| > As an inevitable crash occurs, many of the swindles and alleged swindles are coming to light. Yeah, bubbles make overvalued prices. Crashes occur. Losers fail. Winners gain bigger marketshare and mindshare. Spectacular failures are actually a sign of a functioning market. The worst possible thing that could have happened last week would be the federal reserve offering Do Kwon a very cheap bridge loan to stabilize his section of the crypto economy, lest we risk broader market contagion. Crypto failures are fast and painful as opposed to long and corrupt. This is a feature, not a bug. Also, ironically, this author has spilled a fair amount of ink over all the market crises of the years. He wrote a whole book on the dot-com bust. The Luna saga was over in about 3 days. > The list includes some traditional tactics for illicitly relieving rubes of their money, such as pump-and-dump schemes and phishing for passwords. It also describes new, more novel schemes, including the “pig butchering” crypto scam, which often involves an attractive person approaching you online and offering you spectacularly lucrative crypto investments. Sure, I get these DMs on discord too. Don't fall for scammers. They were doing the same nonsense with "Double your Square Cash!" scams shortly before the crypto boom. Or offering great deals on "GPUs" during the shortage. This is not a crypto problem in the slightest and crypto probably makes these lower end scammers easy to prosecute. > The over-all aim was to make crypto investing seem mainstream and draw in gullible investors who feared they were being left on the sidelines. Does anyone seriously believe that etrade or robinhood advertising options trading to me is somehow different? There are constant commercials for precious metals and ETFs and all kinds of things. I know a fair amount of bitcoin millionaires, all of whom were called "gullible investors" at the time. What really bothers me is the incredible amount of ignorance I see in the comments section about crypto, blockchain technologies, poor understandings of economics, etc. Wtf HN. Do better. I feel like I'm watching my peers get old and resistant to change and dismissive of new technologies and exciting possibilities. Also, if you appreciate my contrarian (for HN?) view and are looking to take on more risk, now is the time to build for web3. The people chasing easy money will give up and the people moving the tech forward will build while no one is watching. |
>Does anyone seriously believe that etrade or robinhood advertising options trading to me is somehow different? There are constant commercials for precious metals and ETFs and all kinds of things.

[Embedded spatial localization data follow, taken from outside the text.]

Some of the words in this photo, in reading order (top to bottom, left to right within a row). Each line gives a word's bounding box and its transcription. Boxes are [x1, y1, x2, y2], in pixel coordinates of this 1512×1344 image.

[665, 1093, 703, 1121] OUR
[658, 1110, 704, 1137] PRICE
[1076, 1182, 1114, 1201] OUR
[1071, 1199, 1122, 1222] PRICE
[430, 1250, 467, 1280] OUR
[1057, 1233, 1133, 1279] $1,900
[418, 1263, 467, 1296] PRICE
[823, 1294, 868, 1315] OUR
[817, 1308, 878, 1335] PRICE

Well they're equally bad in terms of being a scam, unless you are a hedge fund that has enough liquidity to even need options trading in the first place. Not sure what other conclusion you could come up with there.
>What really bothers me is the incredible amount of ignorance I see in the comments section about crypto, blockchain technologies, poor understandings of economics, etc.
Being bothered by the flaws of crypto does not equate to being uninformed. That kind of logic is what I expect from a car salesman, not HN.
Yes, that wasn't nice of me, but being told I'm old and resistant to change because I disagree with someone doesn't engender friendly interpretations.
No asset is a pure force for good nor evil, but there are material issues with crypto and pretending they're ONLY a technicality is convincing no-one.